San Filippo, sorreggente un libro aperto su cui china gli occhi, è ri­volto con lo scanno verso il compagno; S. Carlo, con mozzetta rossa cardinali­zia, cerca riverentemente di girarsi verso il più anziano sodale, sollevando momentaneamente lo sguardo dal libro aperto che sostiene con la mano destra. Sul tavolinetto da studio e meditazio­ne, sistemalo obliquamente davanti, trovano posto un Crocifisso e la berretta rossa.
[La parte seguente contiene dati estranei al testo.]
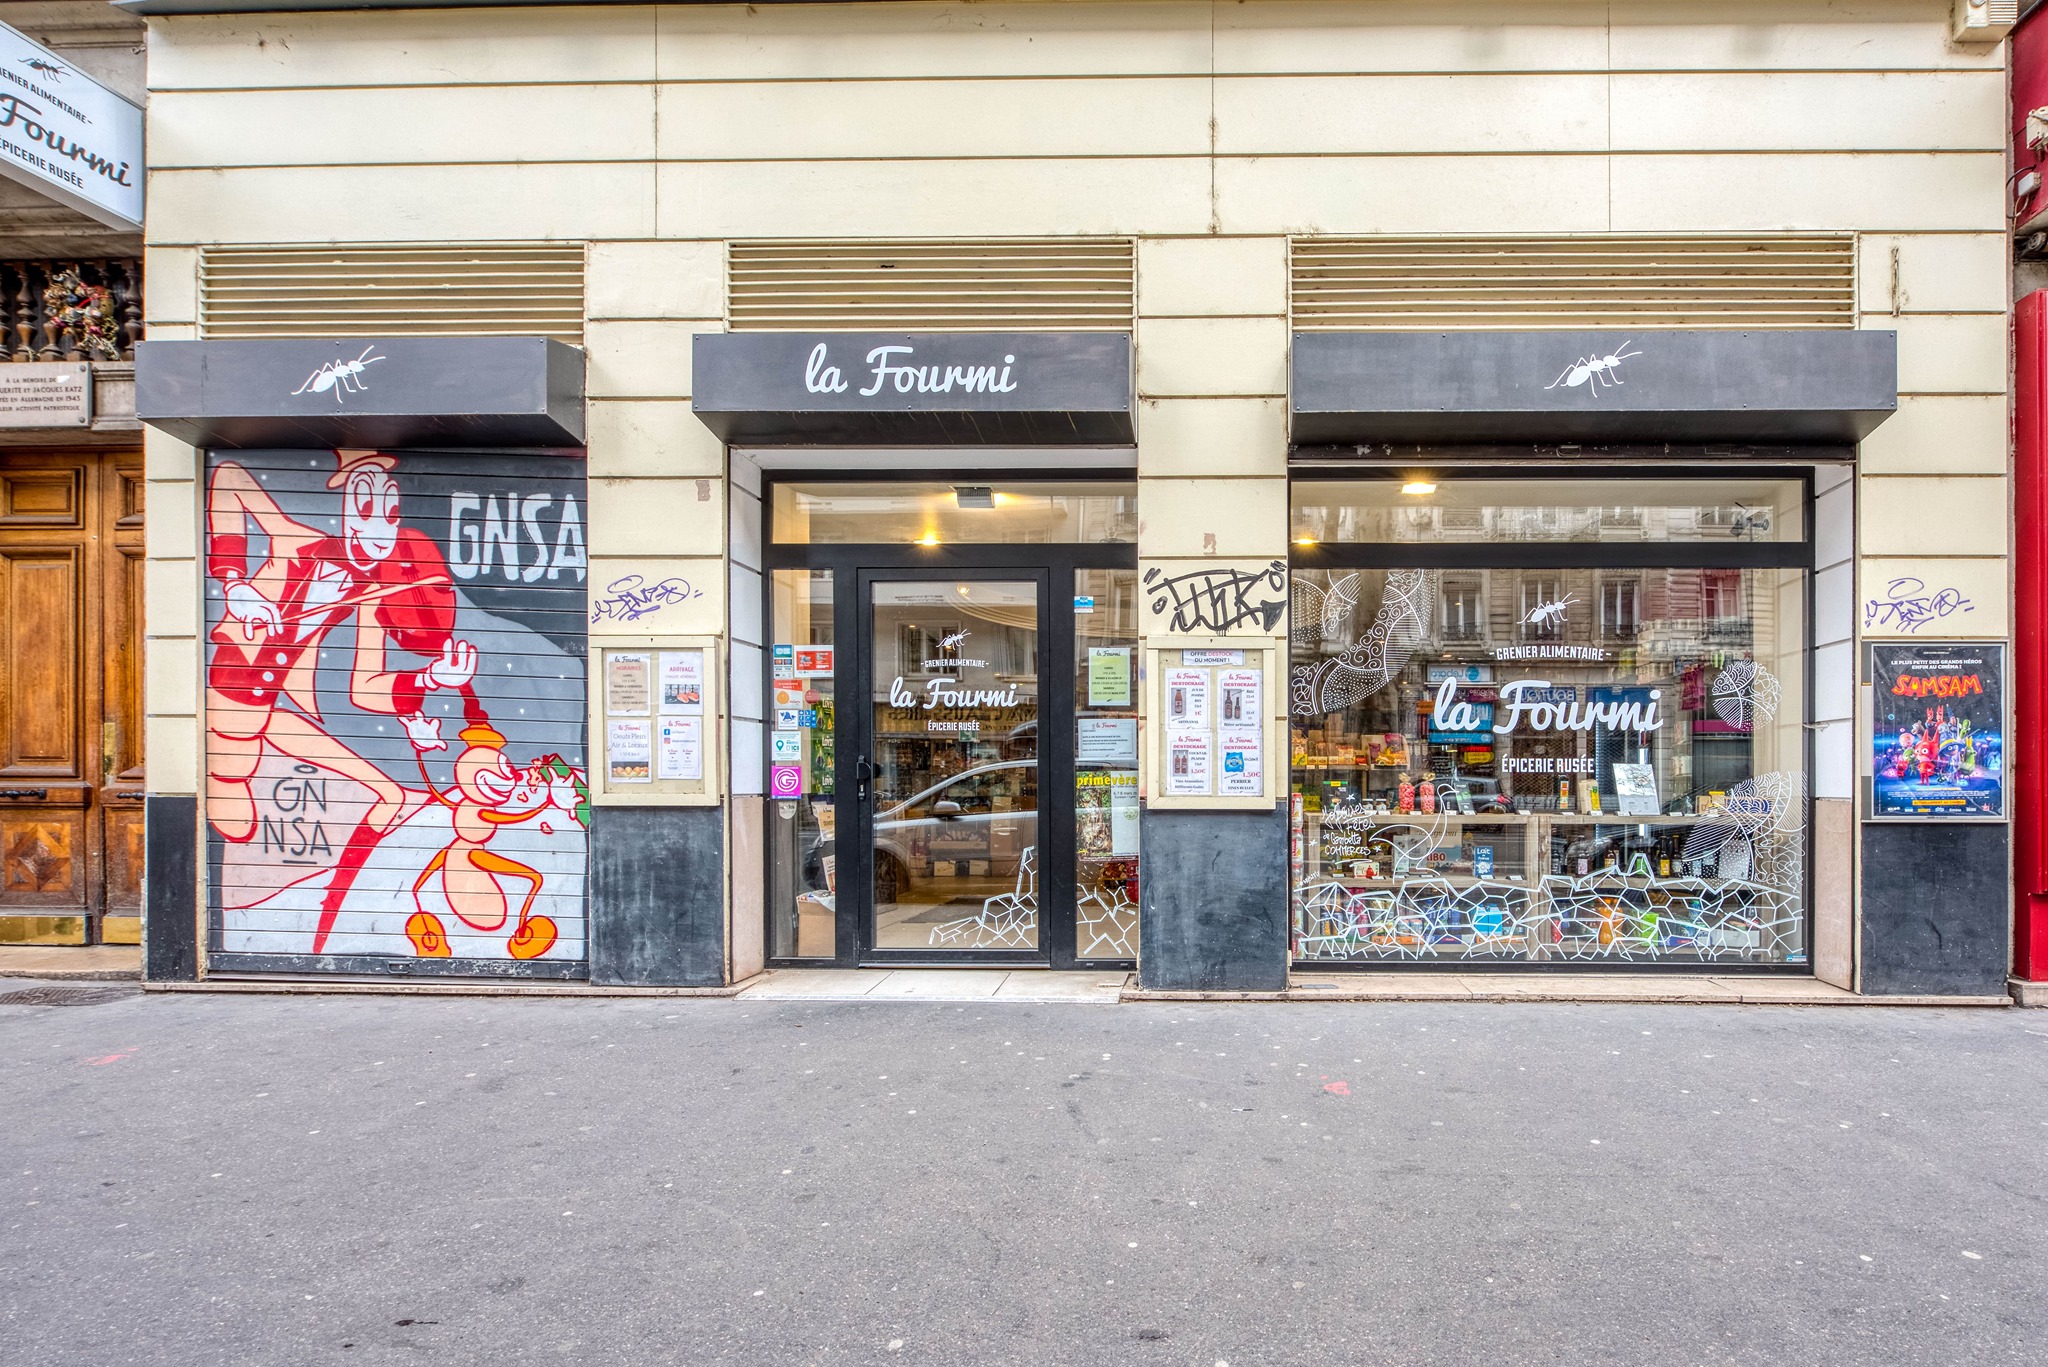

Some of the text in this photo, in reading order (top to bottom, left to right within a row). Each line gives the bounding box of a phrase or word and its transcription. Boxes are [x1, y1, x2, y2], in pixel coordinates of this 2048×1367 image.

[30, 83, 86, 123] ALIMENTAIRE
[0, 93, 132, 187] Fourmi
[48, 161, 84, 189] RUSÉE
[805, 342, 1017, 396] la Fourmi
[449, 491, 586, 583] GNSA
[924, 658, 985, 668] GRENIER ALIMENTAIRE
[1103, 649, 1121, 657] Fourmi
[1496, 644, 1604, 661] GRENIER ALIMENTAIRE
[1183, 672, 1200, 680] Fourmi
[1891, 674, 1983, 698] SAMSAM
[889, 676, 1019, 710] la Fourmi
[1433, 676, 1664, 735] la Fourmi
[927, 719, 980, 731] ÉPICERIE RUSÉE
[1184, 735, 1202, 743] Fourmi
[1501, 753, 1595, 773] ÉPICERIE RUSÉE
[1076, 773, 1138, 789] primevère
[272, 776, 327, 813] GN
[262, 815, 333, 858] NSA
[1324, 844, 1371, 856] COMMERCES
[1476, 847, 1491, 855] Lait
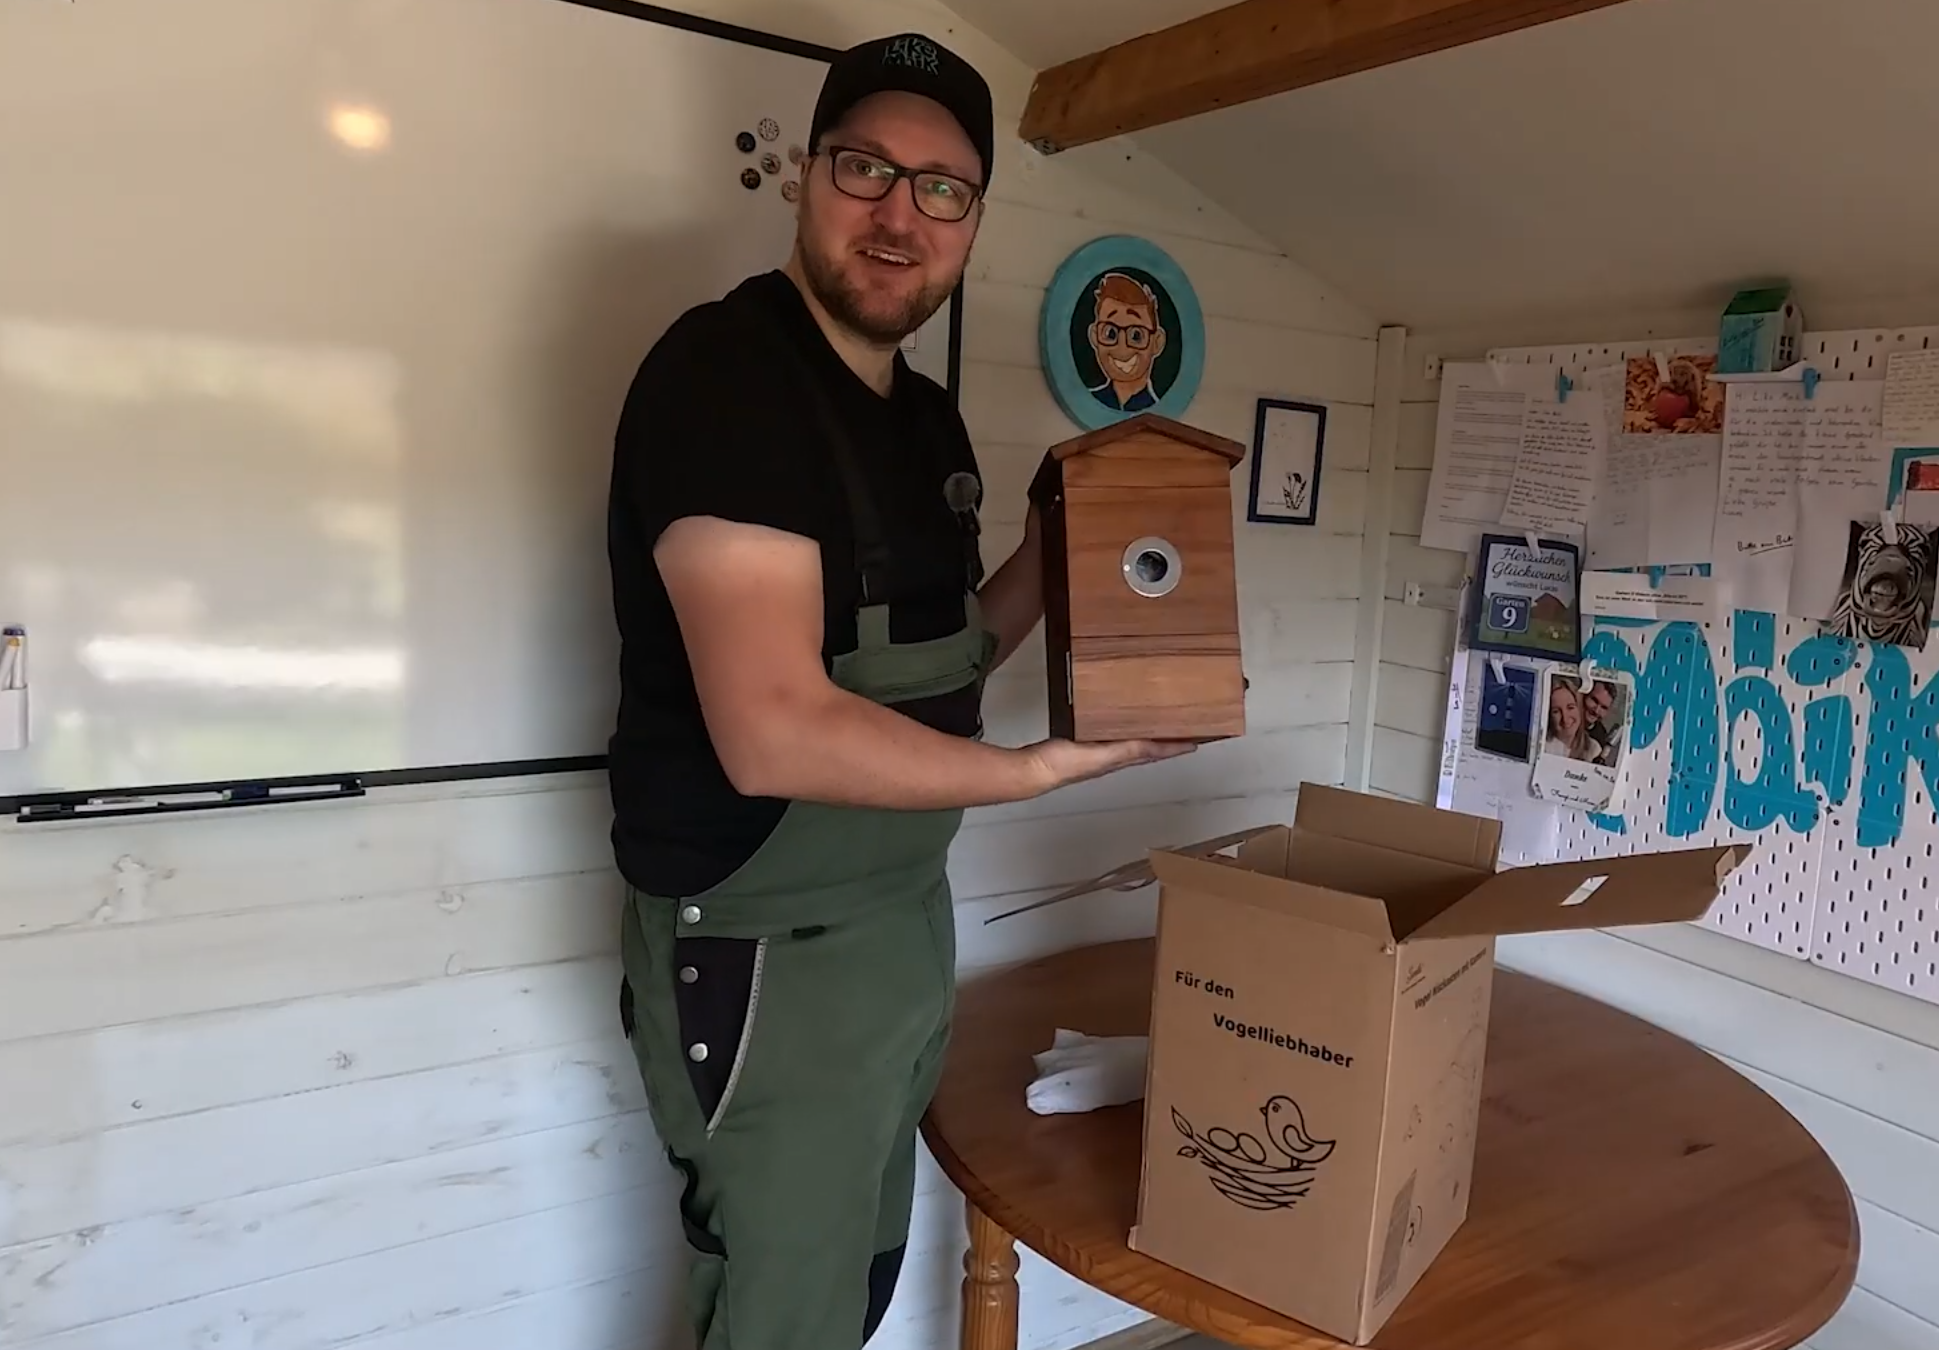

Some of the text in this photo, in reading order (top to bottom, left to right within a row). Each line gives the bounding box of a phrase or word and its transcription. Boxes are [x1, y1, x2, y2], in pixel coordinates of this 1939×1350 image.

[1492, 561, 1571, 583] Glückwunsch
[1506, 580, 1538, 590] wünscht
[1496, 597, 1526, 607] Garten
[1502, 606, 1517, 628] 9
[1175, 970, 1235, 999] Für den
[1213, 1012, 1354, 1068] Vogelliebhaber
Interessanti gli angeli posti alle spalle di S. Filippo e di fianco a S. Carlo, attenti vigilanti partecipi. A commento di questi, una scritta su un cartiglio recita: «mundi per abstinentiam».
 

Criticamente il primo ad interessarsi del quadro e a tentarne un esame stilistico è stato Antonio Gambacorta, che a proposito scrisse: «È un buon dipinto che si inserisce nella pittura barocca pugliese con tendenze giordanesche» E a Luca Giordano, almeno come ispirazione iconografica (commissionate dai Padri dell'Oratorio, il grande pittore dipingeva nel 1704, un anno prima della morte, sei tele, tra cui «L'incontro dei Ss. Carlo Borromeo e Filippo N cri», «S. Carlo che bacia la mano a S. Filippo» assieme a «I due Santi in preghiera», per la terza cappella della navata destra della Chiesa dei Gerolomini dì Napoli), aveva guardato il nostro pittore. Il quadro è una rappresentazione serena dall'atmosfera intimistica, inserita in uno schema canonico, lontana dall'accoglimento stilistico delle nuove soluzioni formali e cromatiche dominanti a Napoli nel primo Settecen­to illuminista e riformatore.